Vu la clôture du 7 septembre 2020 et la fixation de l'affaire à l'audience du 7 octobre 2020.

SUR CE, LA COUR :

Mme [Y] [U] [C] a été embauchée par la société Axis Alternatives à compter du 4 octobre 2010 en qualité de «'consultante senior'» puis le 1er février 2011 promue «'manager'» et le 1er juillet 2013 «'manager confirmé'» avec une rémunération brute mensuelle moyenne de 7 503 euros.

Elle a été sanctionnée le 6 octobre 2015 d'une mise à pied de trois jours.

Le 8 décembre 2015, elle a saisi le conseil de prud'hommes pour obtenir notamment la résiliation judiciaire de son contrat de travail.

Le 16 avril 2016, la société a informé la salariée du fait qu'elle envisage une suppression d'un poste de manager du fait de difficultés économiques.
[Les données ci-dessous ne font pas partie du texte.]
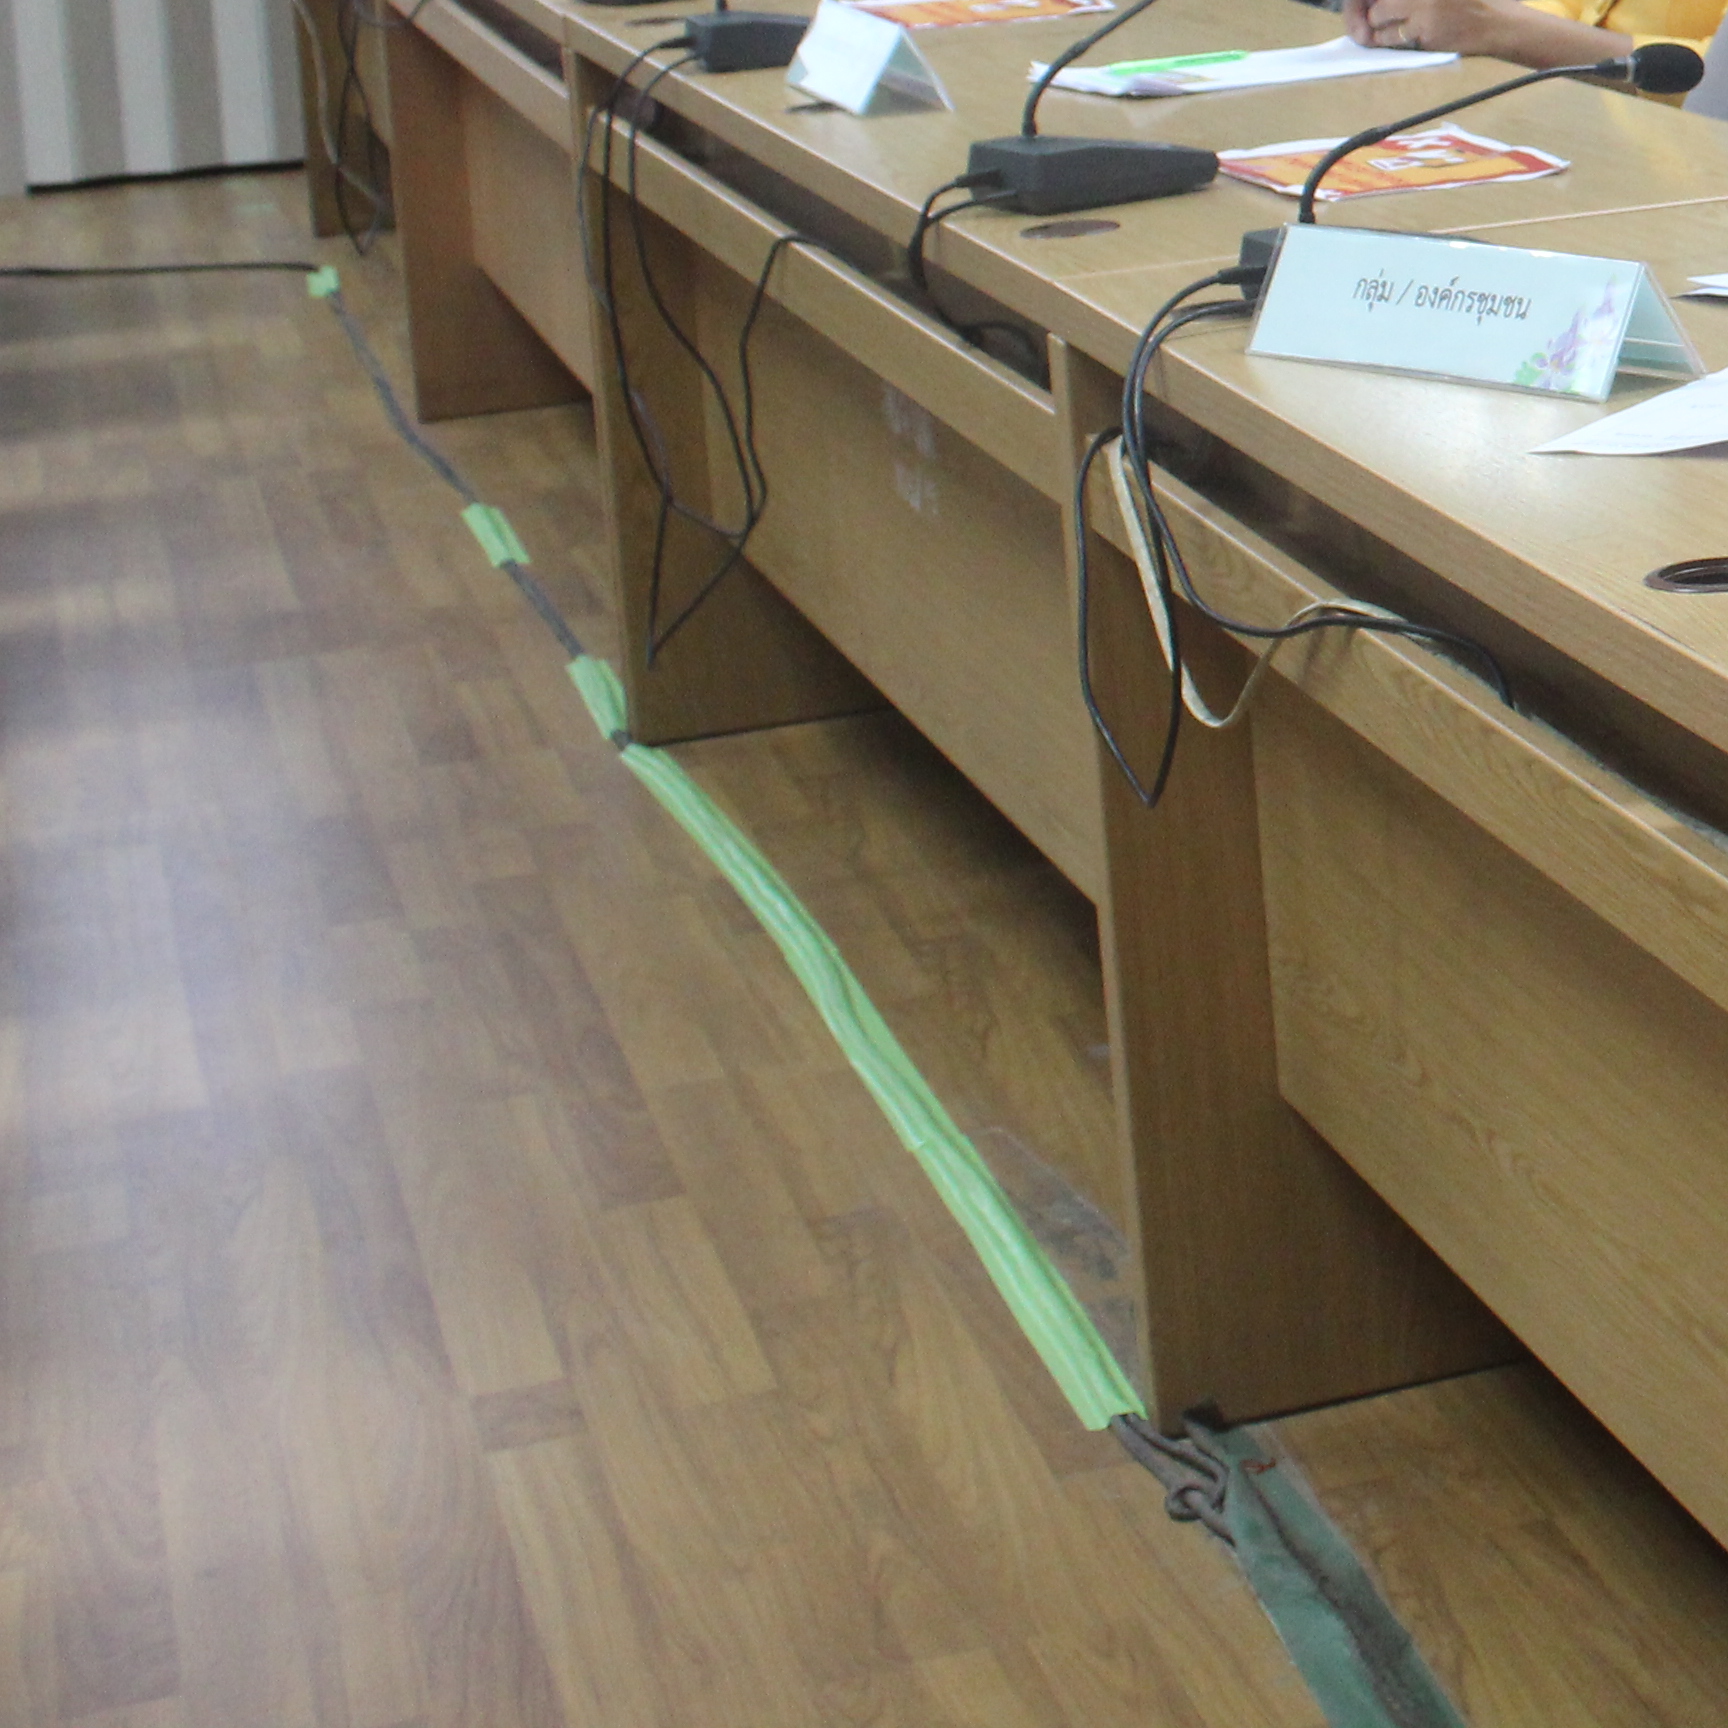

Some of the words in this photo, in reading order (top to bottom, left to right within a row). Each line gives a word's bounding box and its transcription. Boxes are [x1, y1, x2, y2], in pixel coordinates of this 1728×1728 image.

[1353, 268, 1394, 312] กลุ่ม
[1396, 279, 1414, 305] /
[1414, 276, 1532, 325] องค์กรชุมชน
Par lettre recommandée du 22 avril suivant, la salariée conteste la suppression de son poste, refuse la proposition de reclassement à Genève et informe par ailleurs la société de son état de grossesse en annonçant la transmission à venir de l'attestation de grossesse devant être établie le 3 mai suivant.

Le 9 mai 2016, la salariée est convoquée à un entretien préalable en vue d'un licenciement fixé au 19 mai. Par un courrier du 7 juin, la société notifie à la salariée les motifs économiques justifiant la mise en 'uvre d'une procédure de licenciement. Le 13 juin 2016, la salariée adhère au contrat de sécurisation professionnel et son contrat de travail prend fin au 14 juin.

Sur le forfait jour :

Le droit à la santé et au repos étant au nombre des exigences constitutionnelles, la convention de forfait en jours doit être contractualisée entre le salarié et l'employeur et être prévue par un accord collectif dont les stipulations assurent la garantie du respect des durées maximales de travail ainsi que des repos, journaliers et hebdomadaires.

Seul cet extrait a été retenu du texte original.